There are certain conditions attached to the approval, most of them standard conditions that apply to event-management, but given that Ulster GAA intend to put in place a Stadium Management Committee that owes something to the system in place for Croke Park, they are confident that will not cause them too many headaches over the process.
Should local residents wish to take objections further there is always the possibility of a judicial review, but that would challenge Minister Durkan's decision, not the stadium design.
On a human level, the news delighted Daly.
"Not for professional reasons, but for GAA reasons. It is a fantastic project. I think the players and GAA supporters deserve this," he said.
"I am very strongly of the view that what Ulster Council have done in relation to family tickets and promoting the concept of families attending the games, that's going to receive a great fillip from this."
"Every seat has the maximum C-Factor in terms of the view. Every seat in the stadium will be equally good for a child or an adult of the playing field and so on.
"I think that because the public have been so good to the GAA at a provincial and county level, I think we owe them this. When I was growing up in our family, the four boys played football and went to matches, while the girls played music and did Irish dancing. It's entirely different now. You can see it in cars going to games, families of boys and girls going to games."
Speaking at the announcement launch, Minister Durkan tackled issues surrounding the stadium. Earlier he had a fraught moment when some residents entered the playing surface of Casement Park where a photocall was taking place to voice their displeasure.

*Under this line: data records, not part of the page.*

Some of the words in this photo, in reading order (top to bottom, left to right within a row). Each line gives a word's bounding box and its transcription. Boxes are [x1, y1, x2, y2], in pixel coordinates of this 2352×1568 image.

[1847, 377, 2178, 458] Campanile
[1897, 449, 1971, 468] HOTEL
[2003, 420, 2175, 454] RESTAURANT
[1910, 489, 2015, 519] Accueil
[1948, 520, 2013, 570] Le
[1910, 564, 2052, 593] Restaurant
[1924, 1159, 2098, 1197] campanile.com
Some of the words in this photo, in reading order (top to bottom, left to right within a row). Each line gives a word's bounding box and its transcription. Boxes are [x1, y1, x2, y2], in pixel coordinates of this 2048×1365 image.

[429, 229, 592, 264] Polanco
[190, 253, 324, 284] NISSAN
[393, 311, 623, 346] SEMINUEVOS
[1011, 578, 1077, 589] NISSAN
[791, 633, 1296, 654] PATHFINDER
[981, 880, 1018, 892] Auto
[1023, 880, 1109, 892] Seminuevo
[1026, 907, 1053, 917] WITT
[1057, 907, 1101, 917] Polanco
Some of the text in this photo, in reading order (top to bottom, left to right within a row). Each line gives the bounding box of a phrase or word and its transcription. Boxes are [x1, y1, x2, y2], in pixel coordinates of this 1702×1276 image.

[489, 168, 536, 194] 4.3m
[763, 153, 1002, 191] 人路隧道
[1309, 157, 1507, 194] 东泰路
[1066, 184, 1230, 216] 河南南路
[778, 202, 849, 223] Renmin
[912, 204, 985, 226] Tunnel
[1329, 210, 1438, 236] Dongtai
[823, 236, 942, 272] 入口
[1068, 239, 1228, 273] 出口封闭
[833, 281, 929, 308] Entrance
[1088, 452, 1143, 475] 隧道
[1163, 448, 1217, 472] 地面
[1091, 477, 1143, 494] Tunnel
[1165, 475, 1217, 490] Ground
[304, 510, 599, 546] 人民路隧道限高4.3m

"There has been a degree of controversy, it's unavoidable, around this decision," he began.
"But I weighed up the objections made by those opposed to the stadium, against the undoubted benefits that this stadium will bring – not just in Belfast, but to Ulster and to the north as a whole."
He also added a splash of humour, adding, "There was quite a bit of onus on what conditions I might attach to any plan and one that I had to try to work in but it didn't happen, was to ensure that Derry should be there every July!"
Work could soon begin on the venue, with the Ulster Council predicting that some of the 2016 Ulster Championship could be hosted there.